--- Data shown Enclosed Below ---

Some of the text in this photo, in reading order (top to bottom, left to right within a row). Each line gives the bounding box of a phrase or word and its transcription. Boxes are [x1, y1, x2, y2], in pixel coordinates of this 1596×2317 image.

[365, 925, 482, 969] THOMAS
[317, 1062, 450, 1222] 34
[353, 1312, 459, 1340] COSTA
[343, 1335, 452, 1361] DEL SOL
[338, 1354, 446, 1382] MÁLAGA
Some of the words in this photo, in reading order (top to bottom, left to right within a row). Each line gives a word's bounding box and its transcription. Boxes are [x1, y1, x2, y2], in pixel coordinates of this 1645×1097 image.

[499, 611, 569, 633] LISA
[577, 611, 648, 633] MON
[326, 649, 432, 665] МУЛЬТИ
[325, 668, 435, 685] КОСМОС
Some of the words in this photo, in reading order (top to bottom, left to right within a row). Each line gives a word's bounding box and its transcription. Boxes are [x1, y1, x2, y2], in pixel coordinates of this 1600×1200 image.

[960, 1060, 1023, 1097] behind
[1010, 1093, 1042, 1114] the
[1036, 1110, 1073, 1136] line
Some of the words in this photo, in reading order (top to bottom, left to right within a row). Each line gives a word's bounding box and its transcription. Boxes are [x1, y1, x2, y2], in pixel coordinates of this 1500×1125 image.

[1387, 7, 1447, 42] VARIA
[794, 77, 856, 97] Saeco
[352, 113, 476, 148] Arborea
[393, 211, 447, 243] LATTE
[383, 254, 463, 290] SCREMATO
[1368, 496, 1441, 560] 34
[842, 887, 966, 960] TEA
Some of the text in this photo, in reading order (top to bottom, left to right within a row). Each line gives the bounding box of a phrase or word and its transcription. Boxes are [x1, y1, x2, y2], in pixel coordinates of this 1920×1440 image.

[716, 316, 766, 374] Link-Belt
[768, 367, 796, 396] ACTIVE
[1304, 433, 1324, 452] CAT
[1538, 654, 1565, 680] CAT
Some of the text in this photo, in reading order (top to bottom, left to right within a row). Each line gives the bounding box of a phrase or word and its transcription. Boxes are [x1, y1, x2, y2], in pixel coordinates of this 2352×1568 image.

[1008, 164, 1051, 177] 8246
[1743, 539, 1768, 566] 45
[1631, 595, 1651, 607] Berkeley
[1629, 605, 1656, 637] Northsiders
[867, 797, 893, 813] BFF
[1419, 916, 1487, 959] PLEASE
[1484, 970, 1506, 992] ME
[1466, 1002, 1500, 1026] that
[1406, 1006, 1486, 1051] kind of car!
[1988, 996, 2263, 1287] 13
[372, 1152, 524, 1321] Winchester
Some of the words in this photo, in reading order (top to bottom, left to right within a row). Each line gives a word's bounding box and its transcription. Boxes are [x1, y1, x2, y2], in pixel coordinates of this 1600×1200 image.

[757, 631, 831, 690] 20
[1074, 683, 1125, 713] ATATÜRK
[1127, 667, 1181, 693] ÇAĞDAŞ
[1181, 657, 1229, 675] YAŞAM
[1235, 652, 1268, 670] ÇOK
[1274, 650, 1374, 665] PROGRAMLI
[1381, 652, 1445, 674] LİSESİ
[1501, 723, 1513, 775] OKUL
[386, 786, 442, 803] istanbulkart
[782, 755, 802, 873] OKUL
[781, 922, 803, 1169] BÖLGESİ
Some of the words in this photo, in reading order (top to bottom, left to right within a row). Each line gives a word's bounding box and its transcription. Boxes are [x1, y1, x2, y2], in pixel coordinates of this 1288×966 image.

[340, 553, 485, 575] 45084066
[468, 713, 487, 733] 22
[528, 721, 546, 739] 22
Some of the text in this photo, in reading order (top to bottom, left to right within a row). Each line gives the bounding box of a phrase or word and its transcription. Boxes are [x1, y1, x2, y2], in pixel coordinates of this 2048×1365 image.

--- End of Enclosed Data shown ---

> _Exercise objective_:
Every entry above needs to be copied exactly.

> _Answer to the exercise_:
Some of the text in this photo, in reading order (top to bottom, left to right within a row). Each line gives the bounding box of a phrase or word and its transcription. Boxes are [x1, y1, x2, y2], in pixel coordinates of this 1596×2317 image.

[365, 925, 482, 969] THOMAS
[317, 1062, 450, 1222] 34
[353, 1312, 459, 1340] COSTA
[343, 1335, 452, 1361] DEL SOL
[338, 1354, 446, 1382] MÁLAGA
Some of the words in this photo, in reading order (top to bottom, left to right within a row). Each line gives a word's bounding box and its transcription. Boxes are [x1, y1, x2, y2], in pixel coordinates of this 1645×1097 image.

[499, 611, 569, 633] LISA
[577, 611, 648, 633] MON
[326, 649, 432, 665] МУЛЬТИ
[325, 668, 435, 685] КОСМОС
Some of the words in this photo, in reading order (top to bottom, left to right within a row). Each line gives a word's bounding box and its transcription. Boxes are [x1, y1, x2, y2], in pixel coordinates of this 1600×1200 image.

[960, 1060, 1023, 1097] behind
[1010, 1093, 1042, 1114] the
[1036, 1110, 1073, 1136] line
Some of the words in this photo, in reading order (top to bottom, left to right within a row). Each line gives a word's bounding box and its transcription. Boxes are [x1, y1, x2, y2], in pixel coordinates of this 1500×1125 image.

[1387, 7, 1447, 42] VARIA
[794, 77, 856, 97] Saeco
[352, 113, 476, 148] Arborea
[393, 211, 447, 243] LATTE
[383, 254, 463, 290] SCREMATO
[1368, 496, 1441, 560] 34
[842, 887, 966, 960] TEA
Some of the text in this photo, in reading order (top to bottom, left to right within a row). Each line gives the bounding box of a phrase or word and its transcription. Boxes are [x1, y1, x2, y2], in pixel coordinates of this 1920×1440 image.

[716, 316, 766, 374] Link-Belt
[768, 367, 796, 396] ACTIVE
[1304, 433, 1324, 452] CAT
[1538, 654, 1565, 680] CAT
Some of the text in this photo, in reading order (top to bottom, left to right within a row). Each line gives the bounding box of a phrase or word and its transcription. Boxes are [x1, y1, x2, y2], in pixel coordinates of this 2352×1568 image.

[1008, 164, 1051, 177] 8246
[1743, 539, 1768, 566] 45
[1631, 595, 1651, 607] Berkeley
[1629, 605, 1656, 637] Northsiders
[867, 797, 893, 813] BFF
[1419, 916, 1487, 959] PLEASE
[1484, 970, 1506, 992] ME
[1466, 1002, 1500, 1026] that
[1406, 1006, 1486, 1051] kind of car!
[1988, 996, 2263, 1287] 13
[372, 1152, 524, 1321] Winchester
Some of the words in this photo, in reading order (top to bottom, left to right within a row). Each line gives a word's bounding box and its transcription. Boxes are [x1, y1, x2, y2], in pixel coordinates of this 1600×1200 image.

[757, 631, 831, 690] 20
[1074, 683, 1125, 713] ATATÜRK
[1127, 667, 1181, 693] ÇAĞDAŞ
[1181, 657, 1229, 675] YAŞAM
[1235, 652, 1268, 670] ÇOK
[1274, 650, 1374, 665] PROGRAMLI
[1381, 652, 1445, 674] LİSESİ
[1501, 723, 1513, 775] OKUL
[386, 786, 442, 803] istanbulkart
[782, 755, 802, 873] OKUL
[781, 922, 803, 1169] BÖLGESİ
Some of the words in this photo, in reading order (top to bottom, left to right within a row). Each line gives a word's bounding box and its transcription. Boxes are [x1, y1, x2, y2], in pixel coordinates of this 1288×966 image.

[340, 553, 485, 575] 45084066
[468, 713, 487, 733] 22
[528, 721, 546, 739] 22
Some of the text in this photo, in reading order (top to bottom, left to right within a row). Each line gives the bounding box of a phrase or word and its transcription. Boxes are [x1, y1, x2, y2], in pixel coordinates of this 2048×1365 image.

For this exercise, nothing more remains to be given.